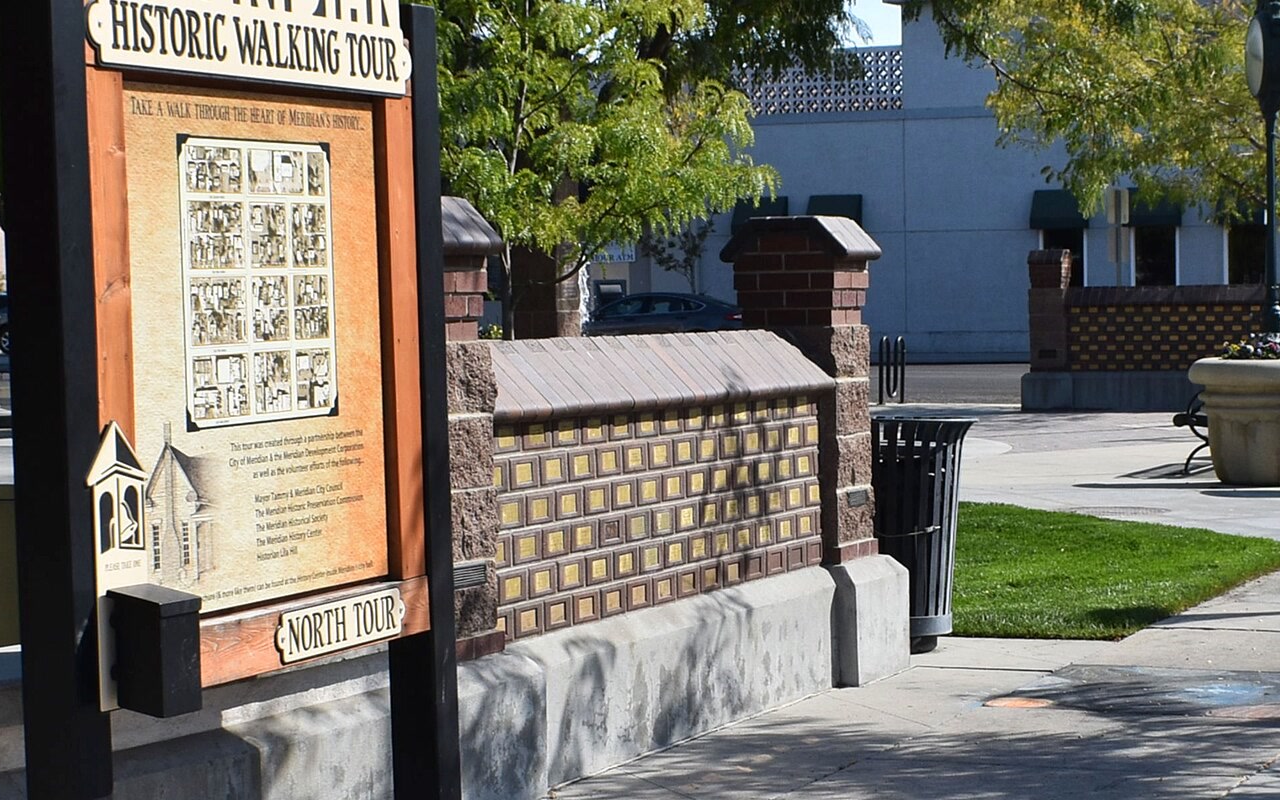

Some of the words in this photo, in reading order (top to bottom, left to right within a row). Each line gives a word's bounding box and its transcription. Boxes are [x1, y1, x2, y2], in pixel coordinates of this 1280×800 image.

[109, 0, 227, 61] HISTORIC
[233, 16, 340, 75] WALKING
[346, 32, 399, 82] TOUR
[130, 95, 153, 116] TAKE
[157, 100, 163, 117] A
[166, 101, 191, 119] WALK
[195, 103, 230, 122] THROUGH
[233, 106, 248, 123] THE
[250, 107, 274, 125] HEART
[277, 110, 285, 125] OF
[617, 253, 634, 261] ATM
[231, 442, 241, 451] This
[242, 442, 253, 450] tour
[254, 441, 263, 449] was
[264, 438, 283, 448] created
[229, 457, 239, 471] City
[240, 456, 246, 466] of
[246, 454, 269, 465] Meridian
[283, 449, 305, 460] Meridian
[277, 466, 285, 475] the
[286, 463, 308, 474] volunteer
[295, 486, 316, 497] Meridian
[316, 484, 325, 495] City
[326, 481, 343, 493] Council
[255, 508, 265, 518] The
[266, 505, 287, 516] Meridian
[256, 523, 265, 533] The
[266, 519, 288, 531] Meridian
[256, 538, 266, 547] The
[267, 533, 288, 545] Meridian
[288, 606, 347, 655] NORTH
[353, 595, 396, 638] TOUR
------------------------------------------------
[EXERCISE DETAILS] Any pictures should be dropped; transcribe the rest of the records above exactly.

[OUTPUT FOR THIS EXERCISE]
Some of the words in this photo, in reading order (top to bottom, left to right within a row). Each line gives a word's bounding box and its transcription. Boxes are [x1, y1, x2, y2], in pixel coordinates of this 1280×800 image.

[109, 0, 227, 61] HISTORIC
[233, 16, 340, 75] WALKING
[346, 32, 399, 82] TOUR
[130, 95, 153, 116] TAKE
[157, 100, 163, 117] A
[166, 101, 191, 119] WALK
[195, 103, 230, 122] THROUGH
[233, 106, 248, 123] THE
[250, 107, 274, 125] HEART
[277, 110, 285, 125] OF
[617, 253, 634, 261] ATM
[231, 442, 241, 451] This
[242, 442, 253, 450] tour
[254, 441, 263, 449] was
[264, 438, 283, 448] created
[229, 457, 239, 471] City
[240, 456, 246, 466] of
[246, 454, 269, 465] Meridian
[283, 449, 305, 460] Meridian
[277, 466, 285, 475] the
[286, 463, 308, 474] volunteer
[295, 486, 316, 497] Meridian
[316, 484, 325, 495] City
[326, 481, 343, 493] Council
[255, 508, 265, 518] The
[266, 505, 287, 516] Meridian
[256, 523, 265, 533] The
[266, 519, 288, 531] Meridian
[256, 538, 266, 547] The
[267, 533, 288, 545] Meridian
[288, 606, 347, 655] NORTH
[353, 595, 396, 638] TOUR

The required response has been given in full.